* **What the task asks**
What you return must match the data below exactly, minus any pictures.

* **Supplied material**
=== Begin Enclosure ===
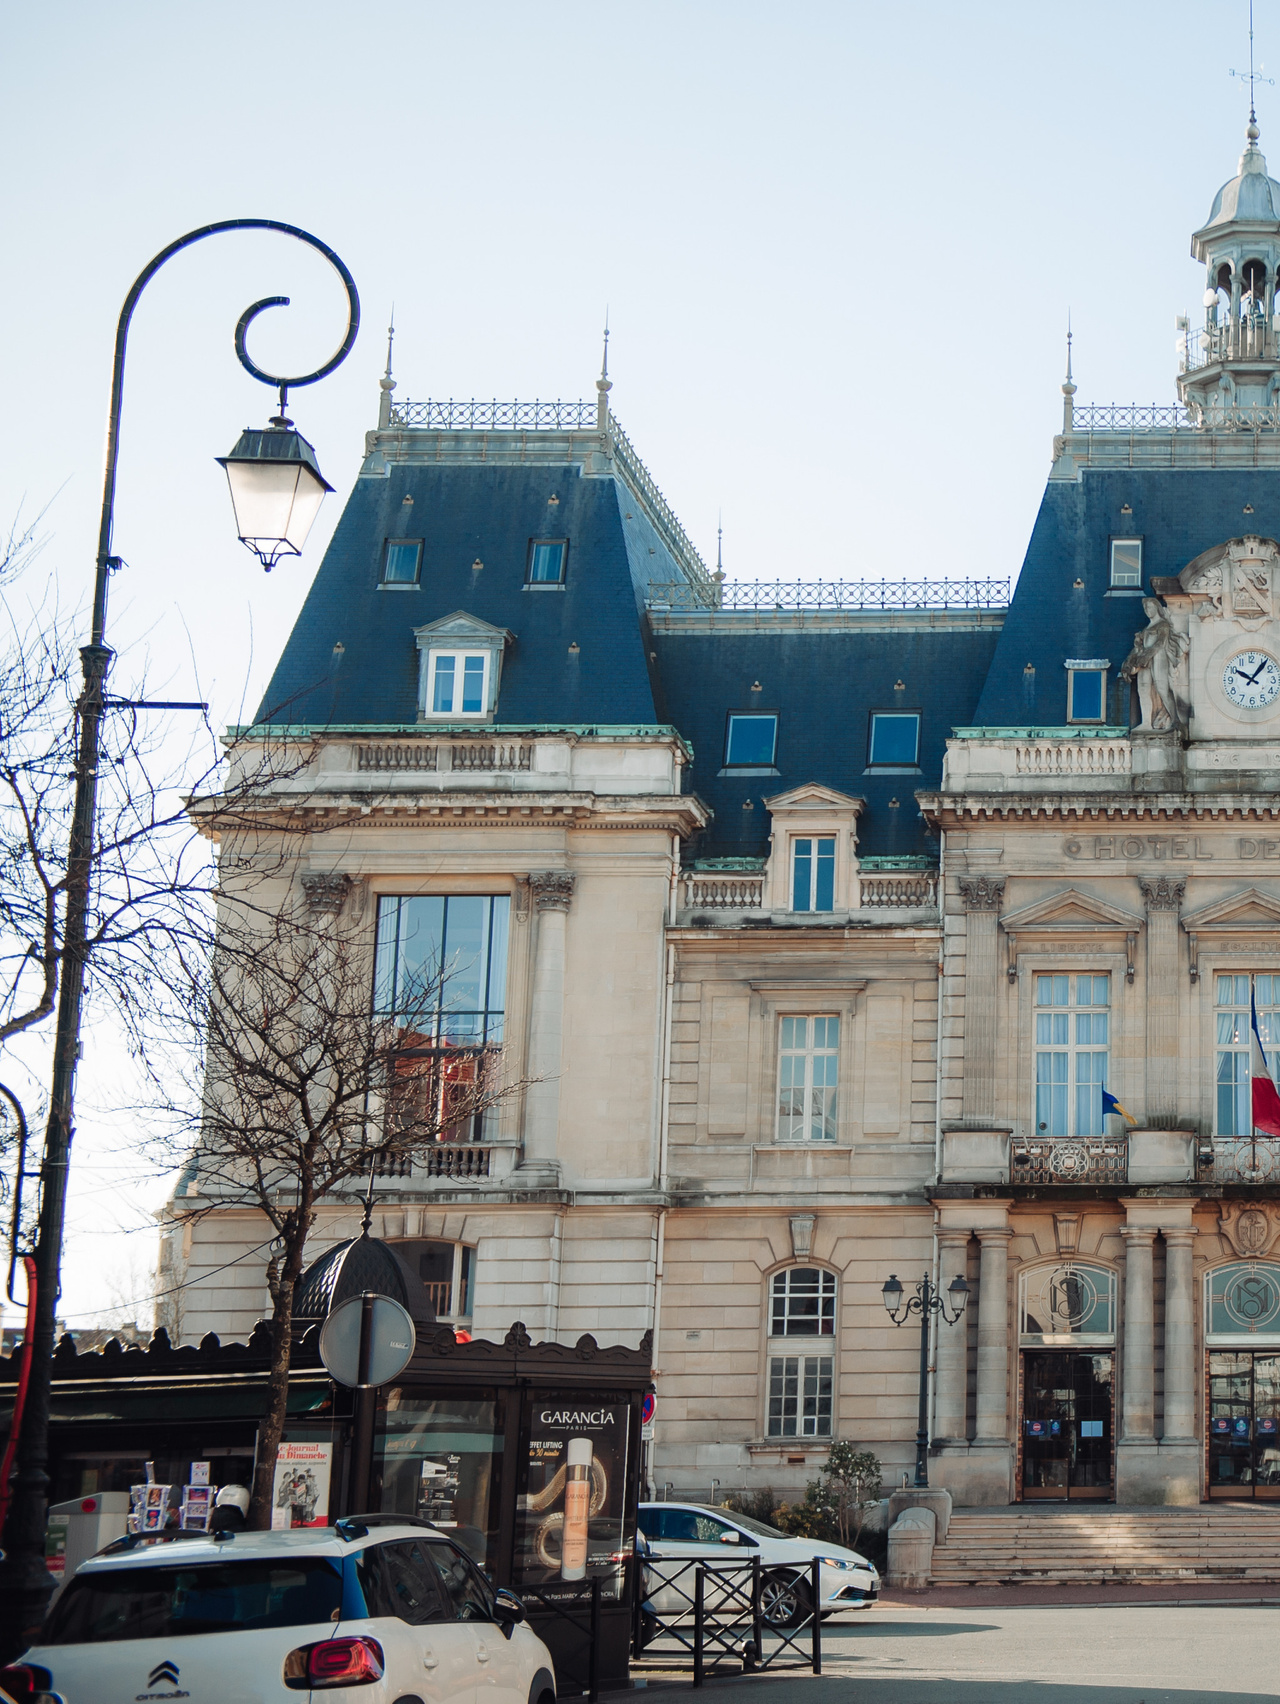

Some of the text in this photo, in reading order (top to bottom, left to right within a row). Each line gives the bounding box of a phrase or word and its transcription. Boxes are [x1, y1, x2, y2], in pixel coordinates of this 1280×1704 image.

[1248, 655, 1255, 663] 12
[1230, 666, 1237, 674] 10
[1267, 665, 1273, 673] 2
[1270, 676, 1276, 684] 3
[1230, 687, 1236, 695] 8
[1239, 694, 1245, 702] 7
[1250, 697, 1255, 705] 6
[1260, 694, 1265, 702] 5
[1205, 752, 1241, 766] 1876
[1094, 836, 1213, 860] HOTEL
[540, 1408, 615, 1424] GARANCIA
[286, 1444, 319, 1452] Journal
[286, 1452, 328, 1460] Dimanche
=== End Enclosure ===
* **Result of the exercise**
Some of the text in this photo, in reading order (top to bottom, left to right within a row). Each line gives the bounding box of a phrase or word and its transcription. Boxes are [x1, y1, x2, y2], in pixel coordinates of this 1280×1704 image.

[1248, 655, 1255, 663] 12
[1230, 666, 1237, 674] 10
[1267, 665, 1273, 673] 2
[1270, 676, 1276, 684] 3
[1230, 687, 1236, 695] 8
[1239, 694, 1245, 702] 7
[1250, 697, 1255, 705] 6
[1260, 694, 1265, 702] 5
[1205, 752, 1241, 766] 1876
[1094, 836, 1213, 860] HOTEL
[540, 1408, 615, 1424] GARANCIA
[286, 1444, 319, 1452] Journal
[286, 1452, 328, 1460] Dimanche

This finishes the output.